● **SUPPLIED RECORDS**:
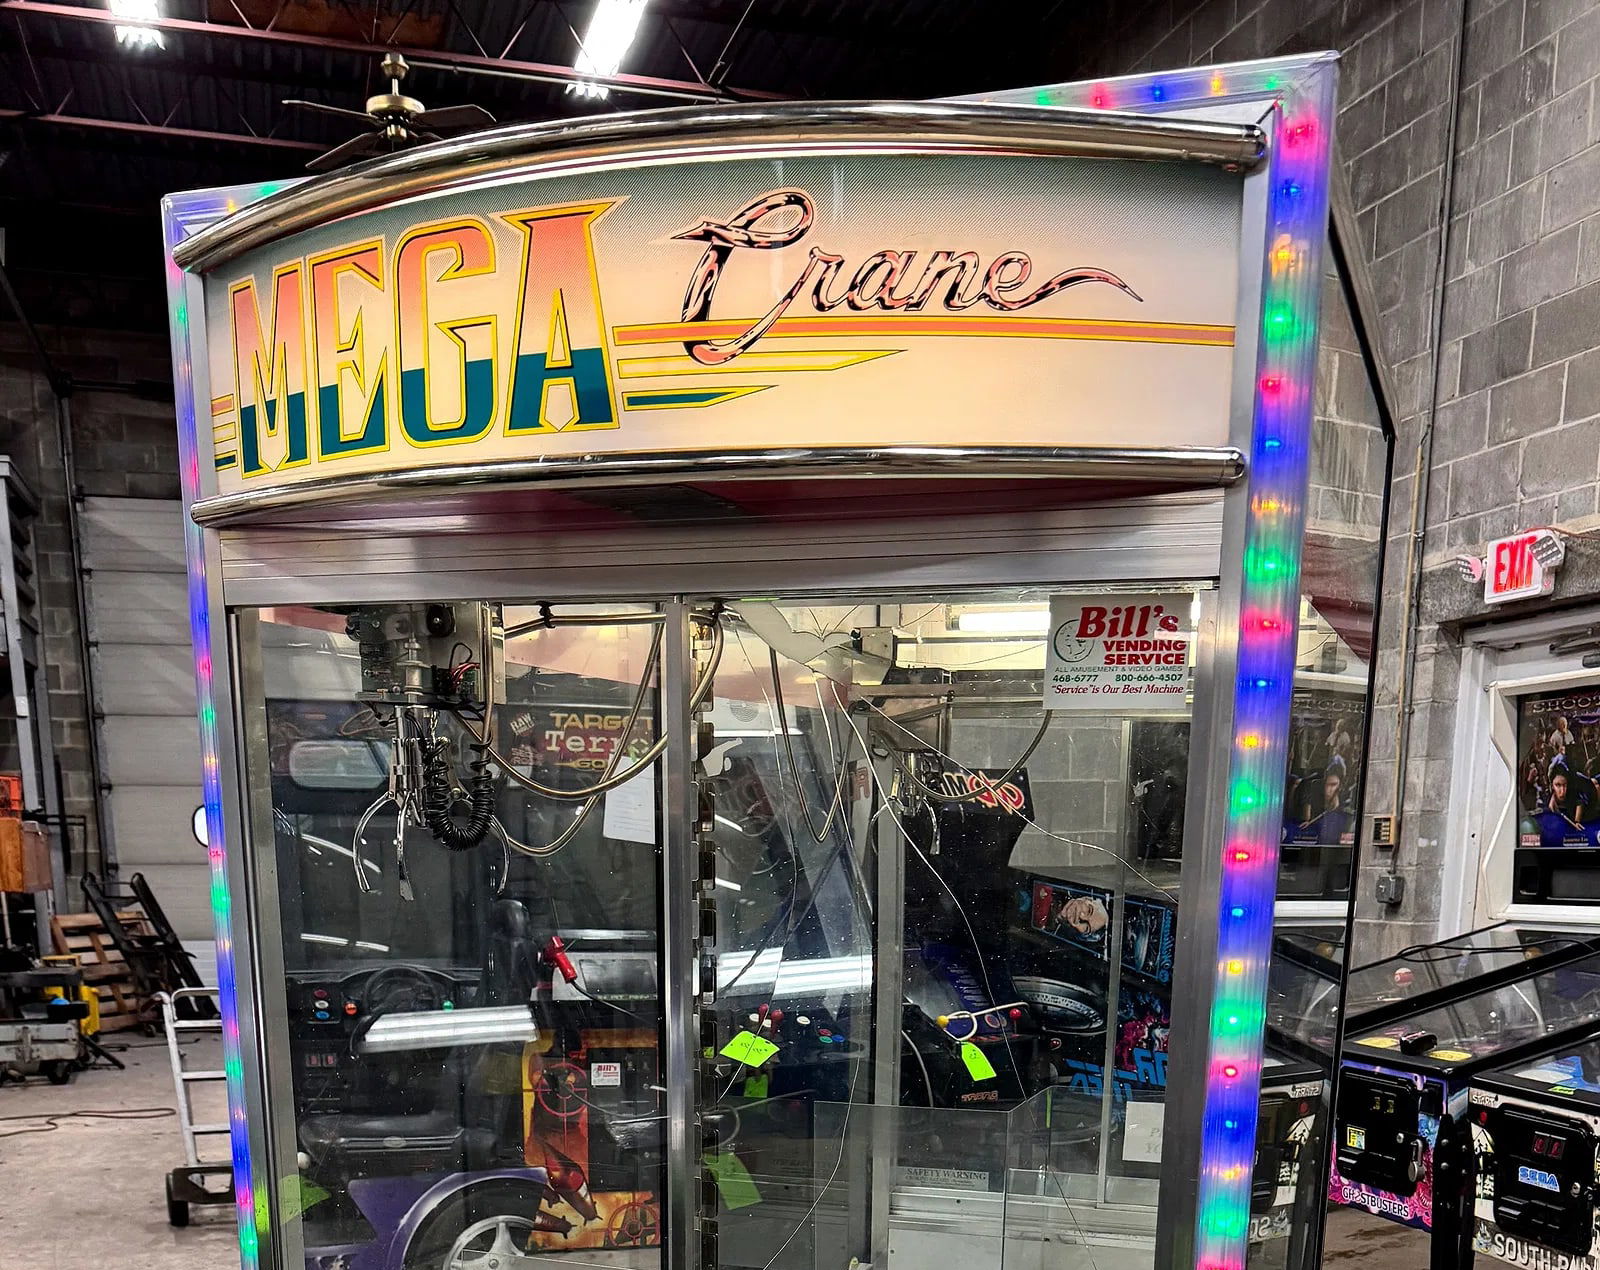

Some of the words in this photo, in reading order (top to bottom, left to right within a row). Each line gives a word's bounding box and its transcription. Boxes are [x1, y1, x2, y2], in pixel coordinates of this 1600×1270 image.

[229, 195, 631, 479] MEGA
[669, 187, 1143, 365] Crane
[1493, 536, 1537, 594] EXIT
[1075, 605, 1179, 638] Bill's
[1103, 640, 1187, 652] VENDING
[1104, 653, 1185, 665] SERVICE
[1052, 674, 1098, 683] 468-6777
[1102, 684, 1120, 694] Our
[1122, 684, 1142, 694] Best
[1144, 684, 1183, 694] Machine
[907, 1167, 940, 1177] SAFETY
[943, 1170, 986, 1181] WARNING
[1519, 1167, 1558, 1188] SEGA

● **ASSIGNED TASK**:
Repeat exactly, please: transcribe each entry and leave out the pictures.

● **WRITTEN RESPONSE**:
Some of the words in this photo, in reading order (top to bottom, left to right within a row). Each line gives a word's bounding box and its transcription. Boxes are [x1, y1, x2, y2], in pixel coordinates of this 1600×1270 image.

[229, 195, 631, 479] MEGA
[669, 187, 1143, 365] Crane
[1493, 536, 1537, 594] EXIT
[1075, 605, 1179, 638] Bill's
[1103, 640, 1187, 652] VENDING
[1104, 653, 1185, 665] SERVICE
[1052, 674, 1098, 683] 468-6777
[1102, 684, 1120, 694] Our
[1122, 684, 1142, 694] Best
[1144, 684, 1183, 694] Machine
[907, 1167, 940, 1177] SAFETY
[943, 1170, 986, 1181] WARNING
[1519, 1167, 1558, 1188] SEGA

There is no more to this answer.